━━ Extracted entries ━━
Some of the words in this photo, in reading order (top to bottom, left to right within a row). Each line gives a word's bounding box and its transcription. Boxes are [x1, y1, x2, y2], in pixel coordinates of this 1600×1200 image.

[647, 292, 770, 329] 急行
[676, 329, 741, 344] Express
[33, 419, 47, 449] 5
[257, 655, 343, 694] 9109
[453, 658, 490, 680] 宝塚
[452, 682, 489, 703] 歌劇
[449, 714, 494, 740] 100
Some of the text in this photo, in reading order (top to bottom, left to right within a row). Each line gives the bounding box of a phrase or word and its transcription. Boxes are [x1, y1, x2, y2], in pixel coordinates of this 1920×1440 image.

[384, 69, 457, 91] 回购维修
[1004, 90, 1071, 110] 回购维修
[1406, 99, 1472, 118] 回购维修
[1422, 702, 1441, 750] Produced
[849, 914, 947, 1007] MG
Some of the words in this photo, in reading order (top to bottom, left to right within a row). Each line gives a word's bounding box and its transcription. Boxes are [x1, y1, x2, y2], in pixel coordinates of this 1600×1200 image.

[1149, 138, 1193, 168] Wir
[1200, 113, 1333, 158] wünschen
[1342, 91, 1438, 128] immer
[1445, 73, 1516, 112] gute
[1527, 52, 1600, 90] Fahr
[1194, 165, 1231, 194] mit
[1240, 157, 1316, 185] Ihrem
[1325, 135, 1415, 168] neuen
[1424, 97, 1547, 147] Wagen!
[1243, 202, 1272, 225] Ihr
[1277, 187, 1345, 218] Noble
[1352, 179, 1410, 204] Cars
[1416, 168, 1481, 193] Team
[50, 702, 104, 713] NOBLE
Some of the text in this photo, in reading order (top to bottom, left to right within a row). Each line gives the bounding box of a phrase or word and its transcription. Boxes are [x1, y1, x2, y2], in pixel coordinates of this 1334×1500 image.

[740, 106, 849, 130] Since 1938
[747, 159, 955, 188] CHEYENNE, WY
━━━
- Task instructions
Retype word for word the line above with "this 1920×1440 image." and all lines after it, nothing else.

- Solution to the exercise
Some of the text in this photo, in reading order (top to bottom, left to right within a row). Each line gives the bounding box of a phrase or word and its transcription. Boxes are [x1, y1, x2, y2], in pixel coordinates of this 1920×1440 image.

[384, 69, 457, 91] 回购维修
[1004, 90, 1071, 110] 回购维修
[1406, 99, 1472, 118] 回购维修
[1422, 702, 1441, 750] Produced
[849, 914, 947, 1007] MG
Some of the words in this photo, in reading order (top to bottom, left to right within a row). Each line gives a word's bounding box and its transcription. Boxes are [x1, y1, x2, y2], in pixel coordinates of this 1600×1200 image.

[1149, 138, 1193, 168] Wir
[1200, 113, 1333, 158] wünschen
[1342, 91, 1438, 128] immer
[1445, 73, 1516, 112] gute
[1527, 52, 1600, 90] Fahr
[1194, 165, 1231, 194] mit
[1240, 157, 1316, 185] Ihrem
[1325, 135, 1415, 168] neuen
[1424, 97, 1547, 147] Wagen!
[1243, 202, 1272, 225] Ihr
[1277, 187, 1345, 218] Noble
[1352, 179, 1410, 204] Cars
[1416, 168, 1481, 193] Team
[50, 702, 104, 713] NOBLE
Some of the text in this photo, in reading order (top to bottom, left to right within a row). Each line gives the bounding box of a phrase or word and its transcription. Boxes are [x1, y1, x2, y2], in pixel coordinates of this 1334×1500 image.

[740, 106, 849, 130] Since 1938
[747, 159, 955, 188] CHEYENNE, WY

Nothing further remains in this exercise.